*WHAT TO DO*: Here the job is to repeat the listing exactly, but not the pictures in it.

*EXTRACTED MATERIAL*:

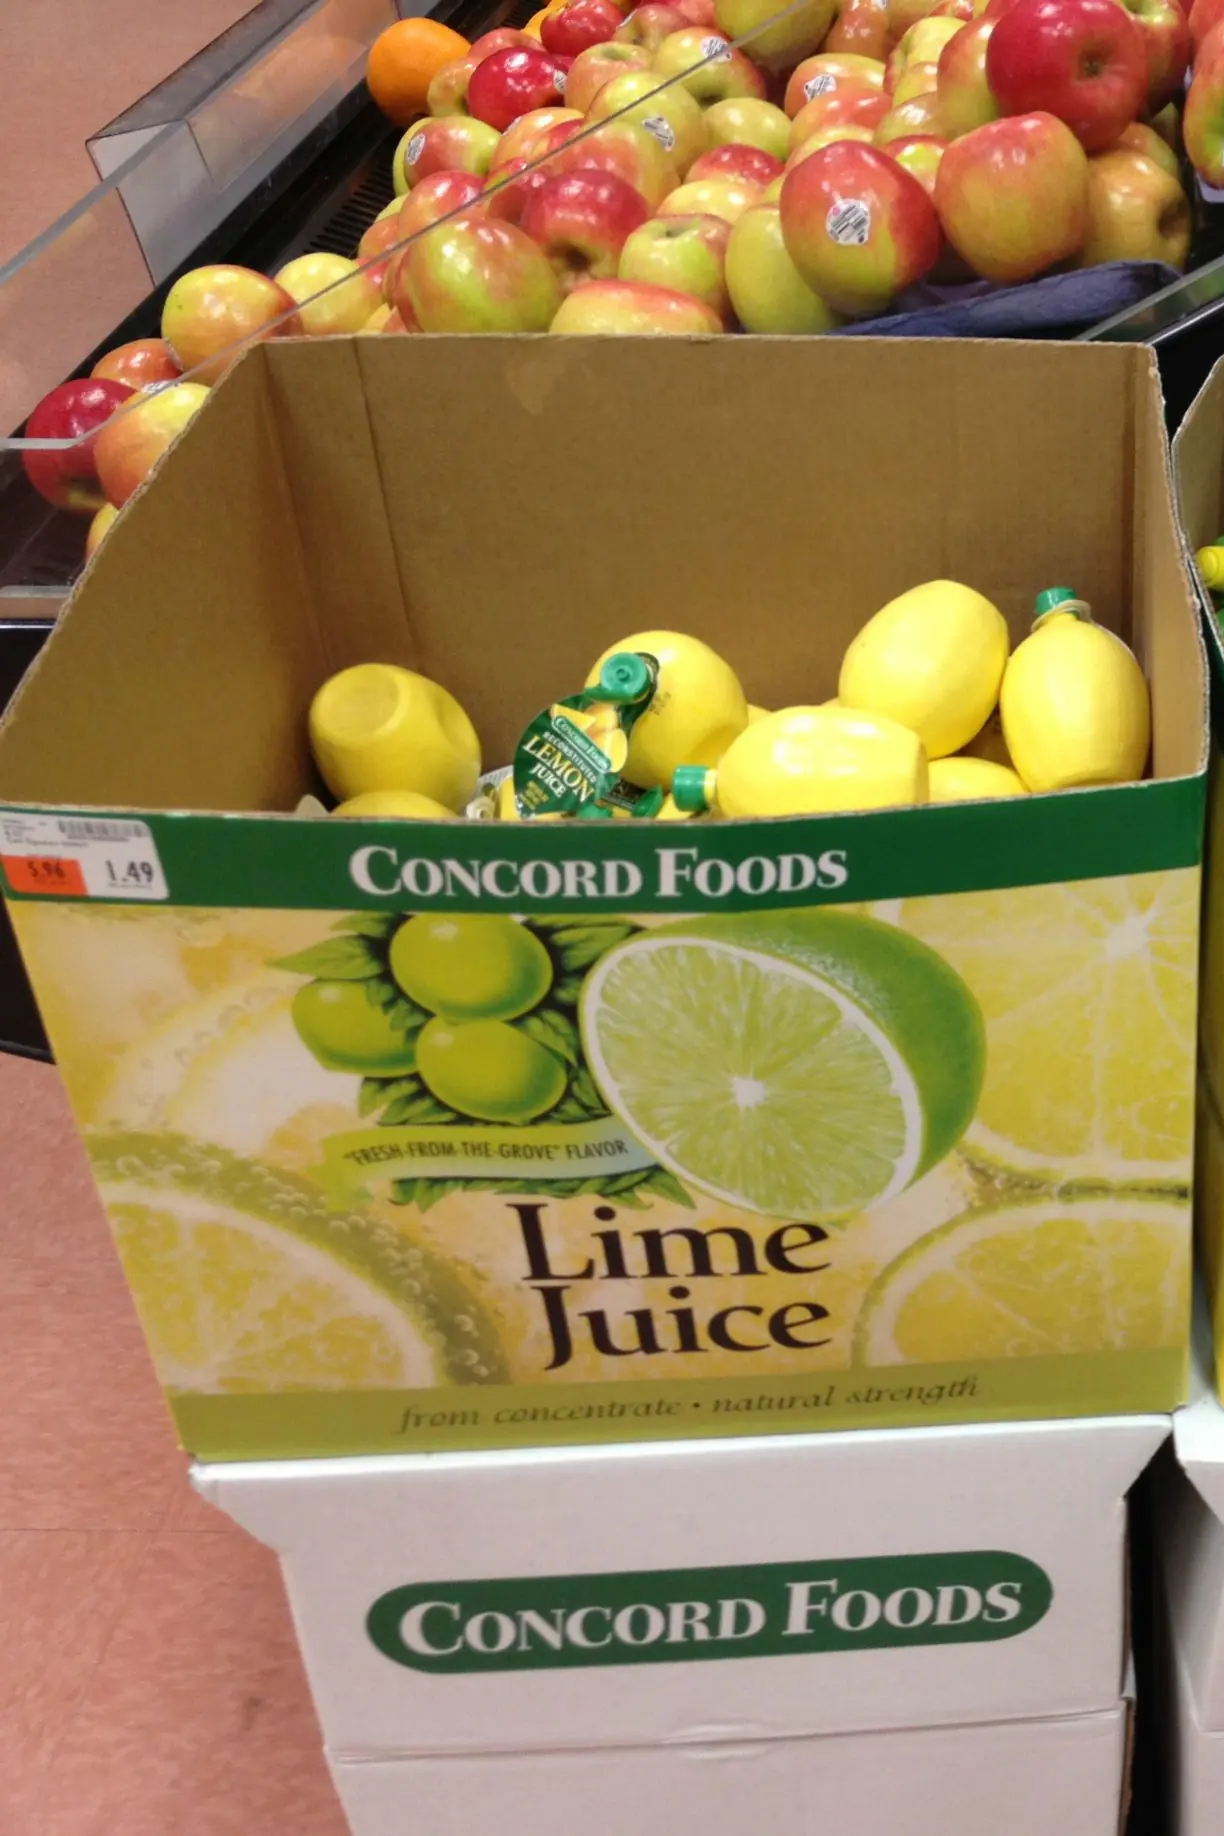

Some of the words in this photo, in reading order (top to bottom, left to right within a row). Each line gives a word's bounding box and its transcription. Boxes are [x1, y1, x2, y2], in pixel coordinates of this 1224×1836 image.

[522, 735, 595, 803] LEMON
[526, 763, 568, 798] JUICE
[26, 860, 67, 879] 5.96
[105, 859, 155, 883] 1.49
[348, 845, 643, 898] CONCORD
[655, 848, 849, 898] FOODS
[565, 1139, 630, 1160] FLAVOR
[506, 1202, 832, 1282] Lime
[531, 1285, 833, 1371] Juice
[395, 1404, 480, 1436] from
[492, 1396, 682, 1425] concentrate
[711, 1385, 836, 1415] natural
[844, 1373, 981, 1408] strength
[398, 1597, 767, 1656] CONCORD
[781, 1578, 1023, 1636] FOODS
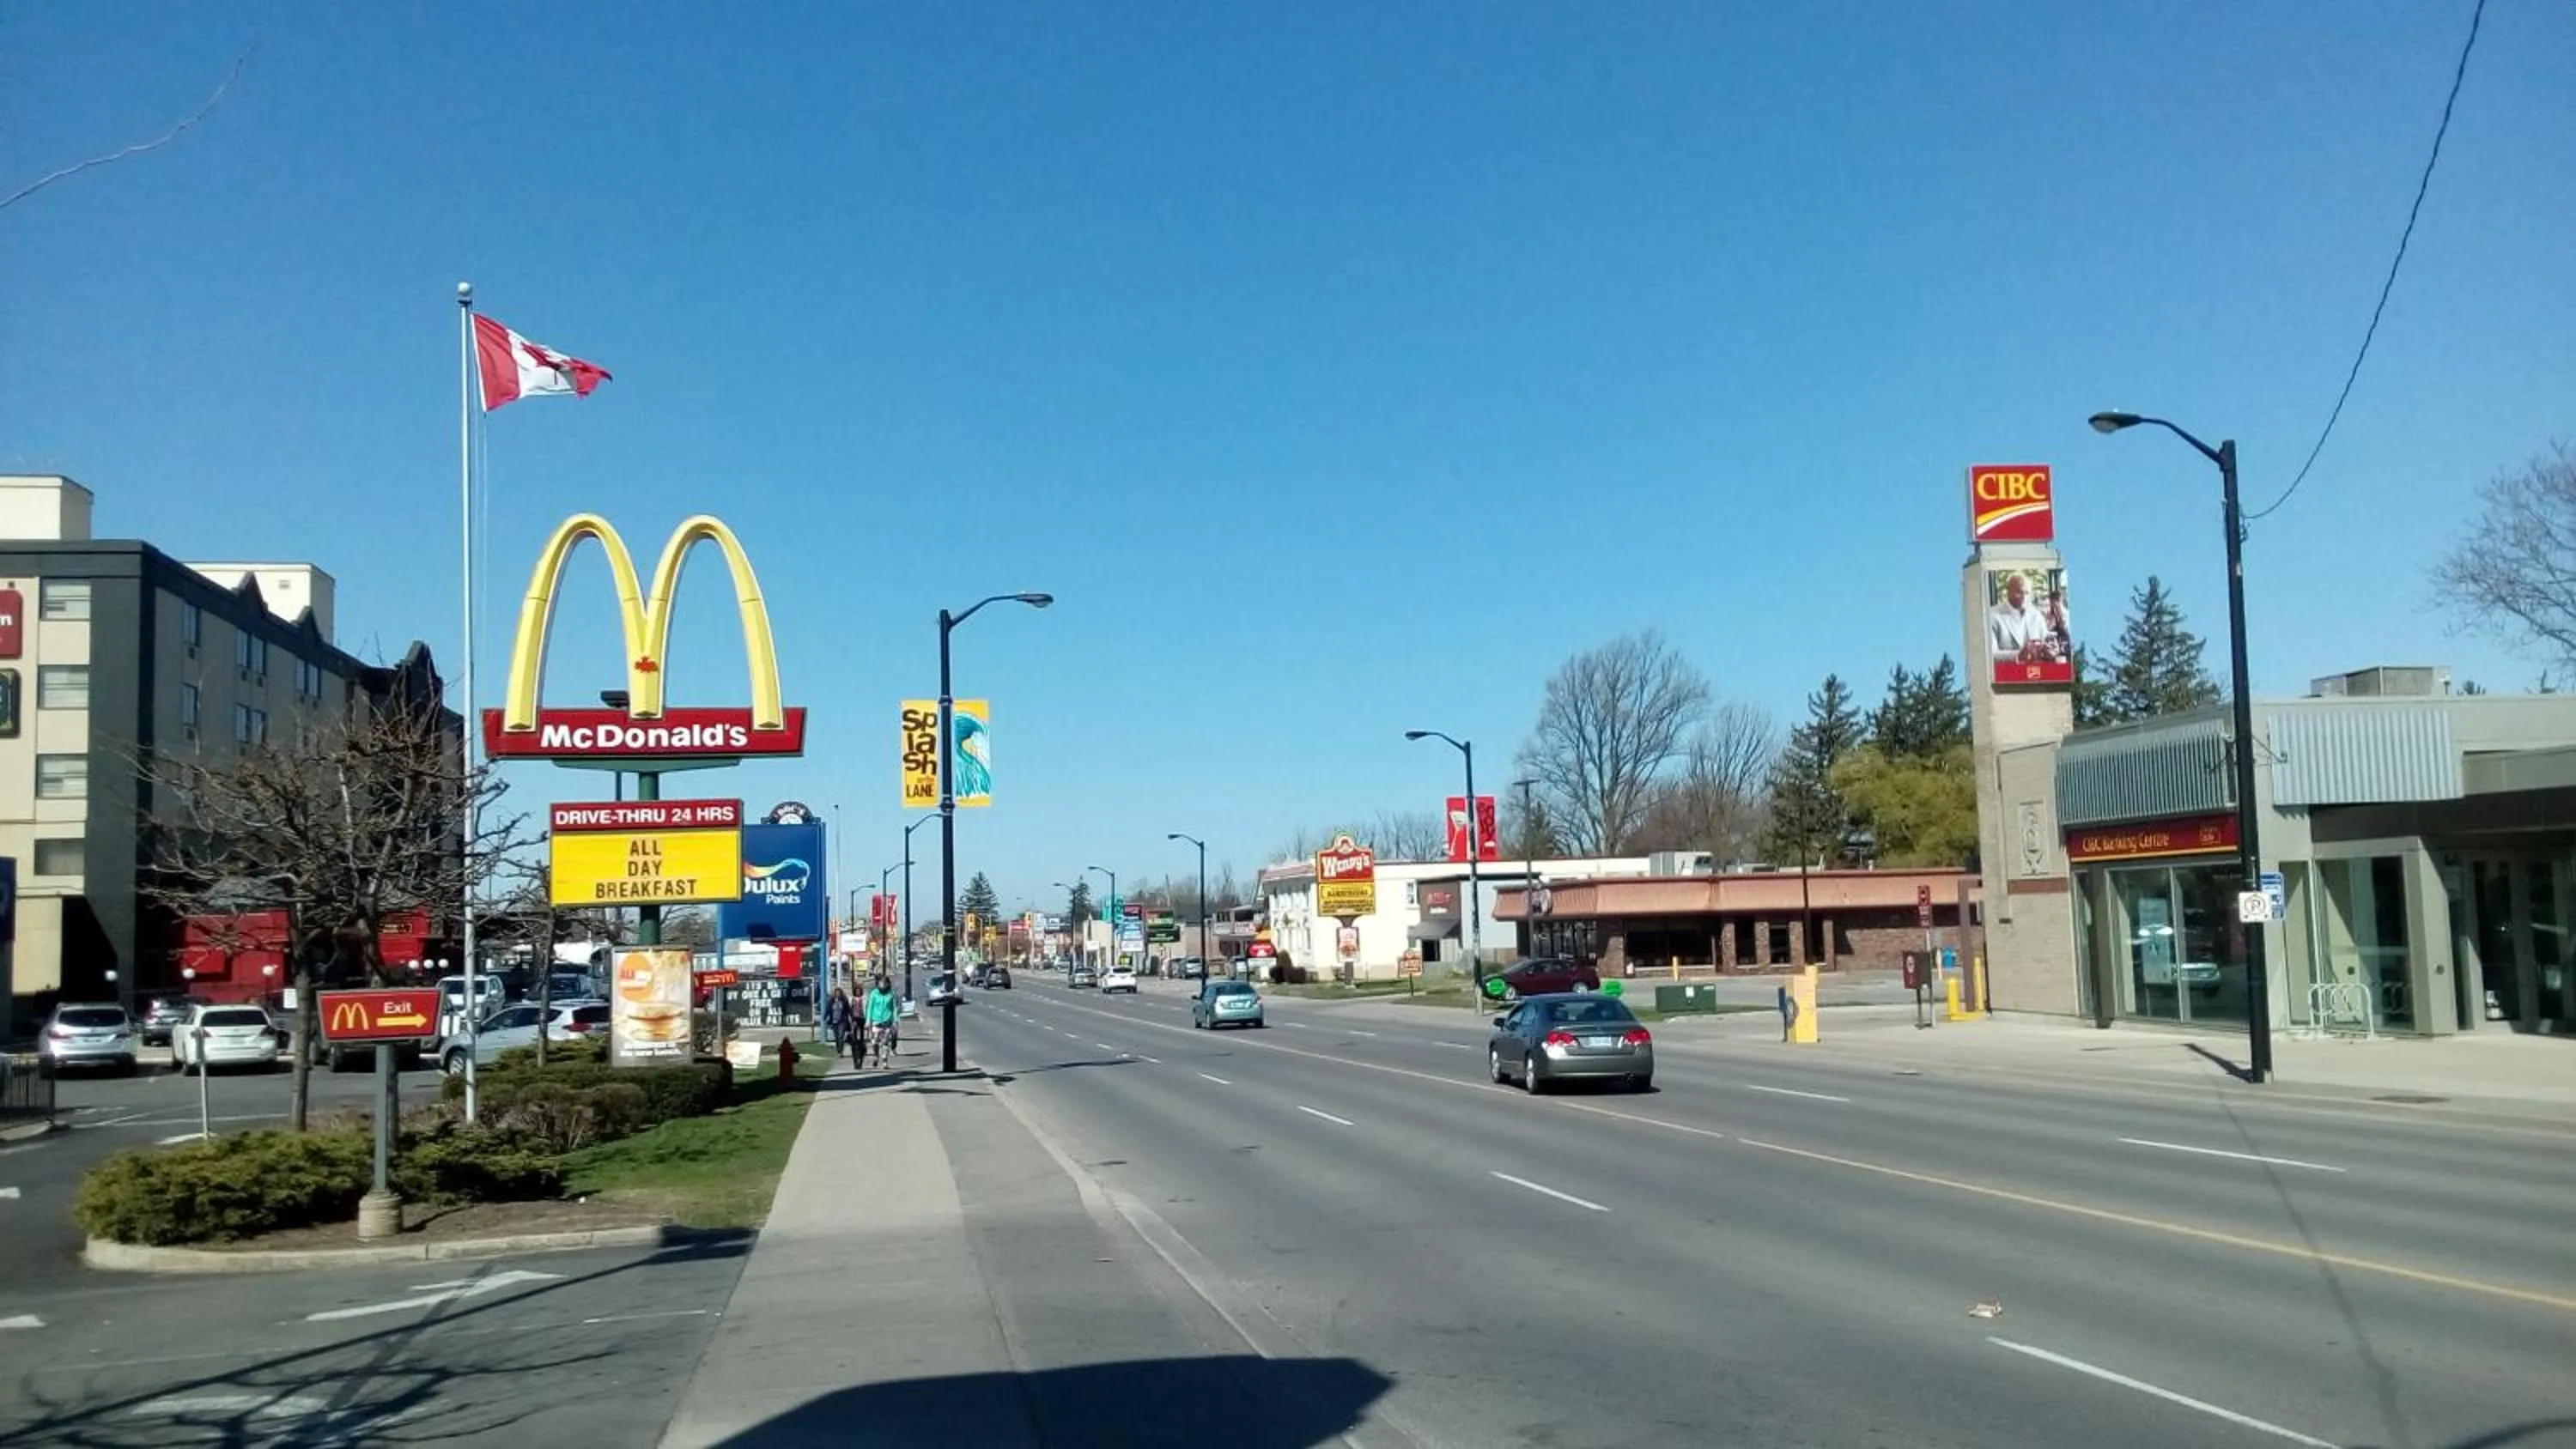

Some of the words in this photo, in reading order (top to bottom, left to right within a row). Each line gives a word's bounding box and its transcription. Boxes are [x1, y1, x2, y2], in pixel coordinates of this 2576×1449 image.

[1977, 472, 2046, 500] CIBC
[539, 723, 749, 749] McDonald's
[906, 784, 934, 797] LANE
[555, 808, 666, 826] DRIVE-THRU
[671, 808, 692, 822] 24
[696, 805, 734, 822] HRS
[629, 839, 663, 857] ALL
[627, 859, 663, 877] DAY
[595, 878, 697, 900] BREAKFAST
[766, 894, 801, 905] Paints
[383, 1001, 412, 1014] Exit

*RESPONSE TO THE EXERCISE*:
Some of the words in this photo, in reading order (top to bottom, left to right within a row). Each line gives a word's bounding box and its transcription. Boxes are [x1, y1, x2, y2], in pixel coordinates of this 1224×1836 image.

[522, 735, 595, 803] LEMON
[526, 763, 568, 798] JUICE
[26, 860, 67, 879] 5.96
[105, 859, 155, 883] 1.49
[348, 845, 643, 898] CONCORD
[655, 848, 849, 898] FOODS
[565, 1139, 630, 1160] FLAVOR
[506, 1202, 832, 1282] Lime
[531, 1285, 833, 1371] Juice
[395, 1404, 480, 1436] from
[492, 1396, 682, 1425] concentrate
[711, 1385, 836, 1415] natural
[844, 1373, 981, 1408] strength
[398, 1597, 767, 1656] CONCORD
[781, 1578, 1023, 1636] FOODS

Some of the words in this photo, in reading order (top to bottom, left to right within a row). Each line gives a word's bounding box and its transcription. Boxes are [x1, y1, x2, y2], in pixel coordinates of this 2576×1449 image.

[1977, 472, 2046, 500] CIBC
[539, 723, 749, 749] McDonald's
[906, 784, 934, 797] LANE
[555, 808, 666, 826] DRIVE-THRU
[671, 808, 692, 822] 24
[696, 805, 734, 822] HRS
[629, 839, 663, 857] ALL
[627, 859, 663, 877] DAY
[595, 878, 697, 900] BREAKFAST
[766, 894, 801, 905] Paints
[383, 1001, 412, 1014] Exit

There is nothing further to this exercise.